Jeffress’ statement on Tuesday followed the president’s warning earlier in the day that North Korea would “be met with fire and fury like the world has never seen” if its leader continues to threaten the United States.
The Texas preacher, who leads a congregation of more than 10,000 people at First Baptist Church in Dallas, has been an outspoken Trump supporter since early in the presidential campaign. He is one of dozens of conservative evangelical leaders who has enjoyed what one described as “unprecedented access” to this president who, they say, seeks their views on policy.
Jeffress released his statement early Tuesday evening as tensions between the two nuclear powers have escalated, and as Democrats and some Republicans criticized Trump’s remarks as reckless.
For the first time last month, North Korea successfully tested an intercontinental ballistic missile that could reach California, according to The New York Times. And The Washington Post reported this week that North Korea may have miniaturized a warhead that could fit inside such a missile.

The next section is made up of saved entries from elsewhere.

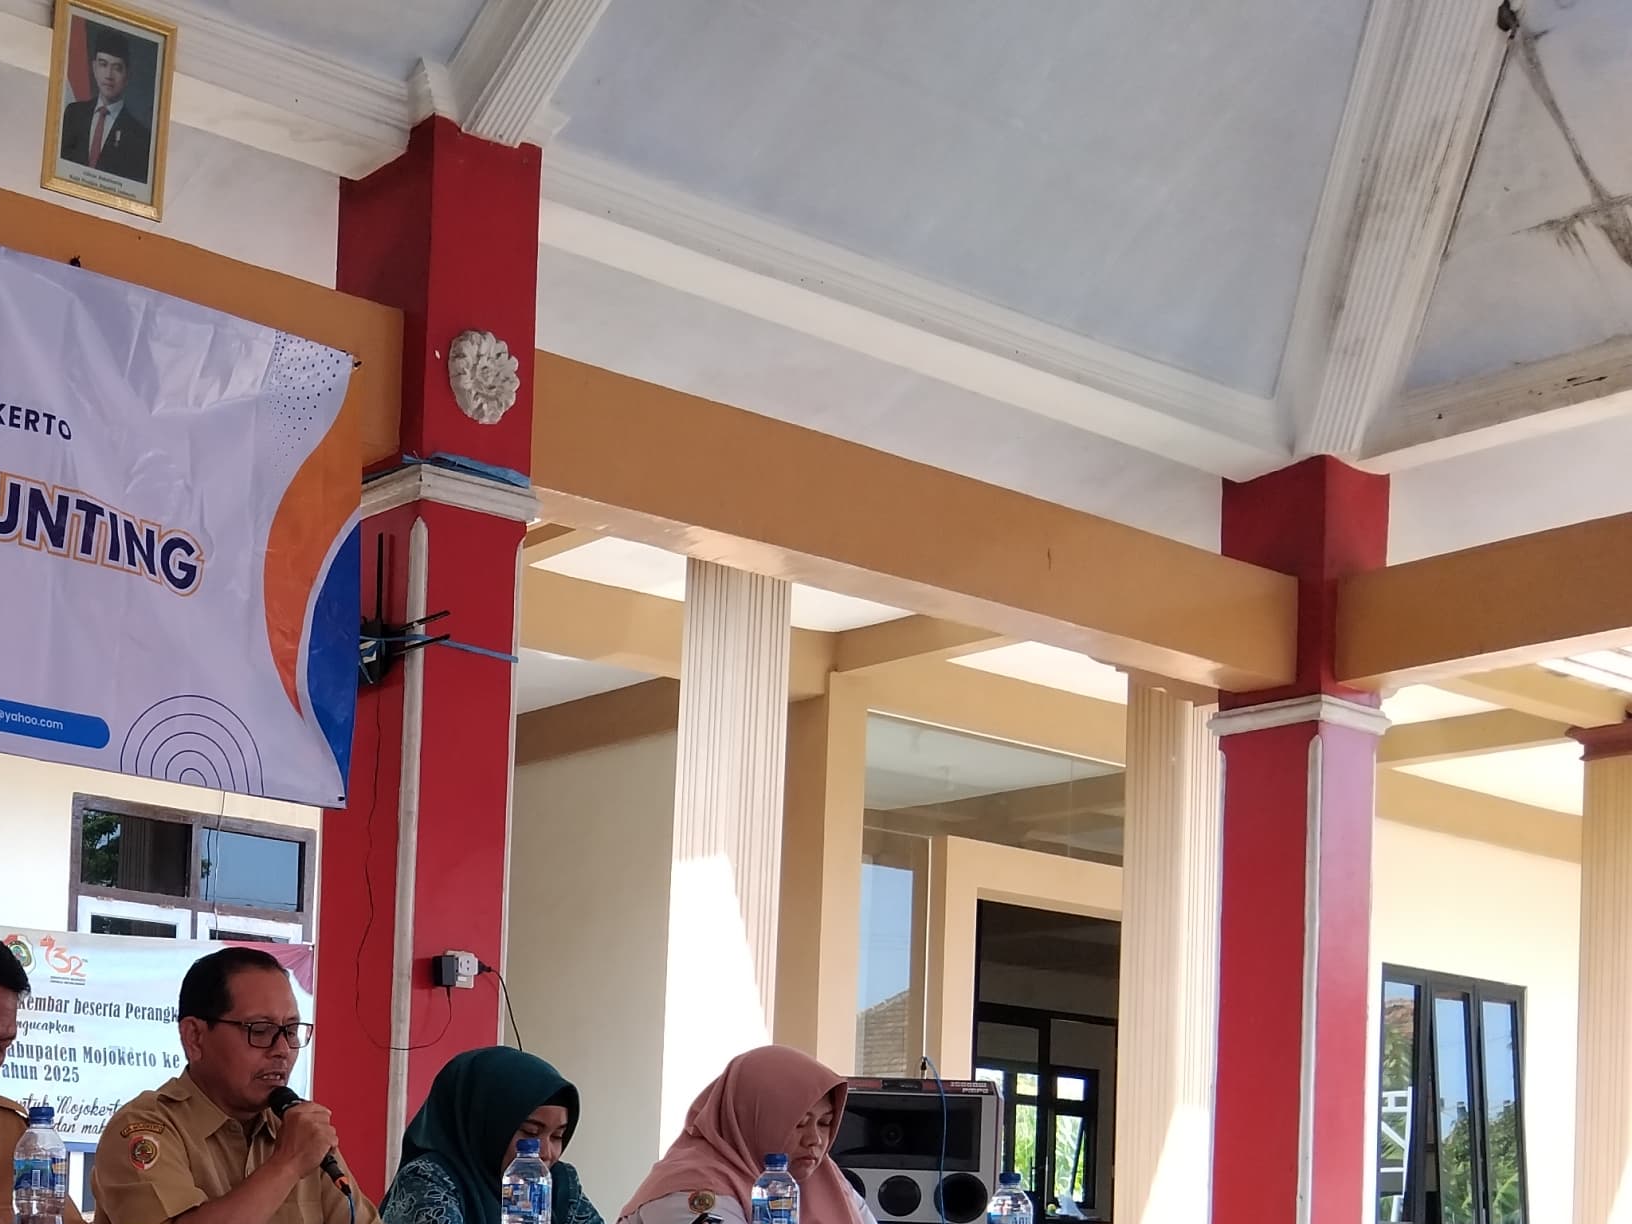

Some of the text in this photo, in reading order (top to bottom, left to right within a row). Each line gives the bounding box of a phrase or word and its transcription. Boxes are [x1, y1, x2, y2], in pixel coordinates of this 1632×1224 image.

[18, 995, 179, 1024] kembar beserta Perangk
[17, 1019, 75, 1036] ngucapkan
[7, 1041, 180, 1069] abupaten Mojokerto ke
[0, 1057, 80, 1083] ahun 2025
[56, 1095, 123, 1121] Mojokert

In his statement, Jeffress said he believed the Bible makes clear that “God has endowed rulers full power to use whatever means necessary — including war — to stop evil.” The senior pastor praised Trump for not tolerating North Korea’s threats while panning previous administrations’ “sheepish stance toward dictators and oppressors.”
“When President Trump draws a red line, he will not erase it, move it, or back away from it,” he said. “Thank God for a president who is serious about protecting our country.”
In an interview with The Post, Jeffress cited biblical verses from Romans 13, saying it “gives the government the authority to do whatever, whether it’s assassination, capital punishment or evil punishment to quell the actions of evildoers like Kim Jong Un.”
Jeffress was a member of Trump’s evangelical advisory committee during the 2016 presidential election and since has attended several meetings of prominent evangelicals at the White House. That includes a dinner ahead of the National Day of Prayer, at which he assured, “Mr. President, we’re going to be your most loyal friends.”
Jeffress also recently hosted a Fourth of July concert at the Kennedy Center in Washington, D.C., where the president pledged his support to the military and to people of faith. First Baptist’s choir and orchestra premiered a musical arrangement of Trump’s campaign slogan, “Make America Great Again.”
Trump, who identifies as Presbyterian, has gone out of his way to embrace evangelical Christians. White evangelicals gave him 81 percent of their votes in November, a higher percentage than any other religious group.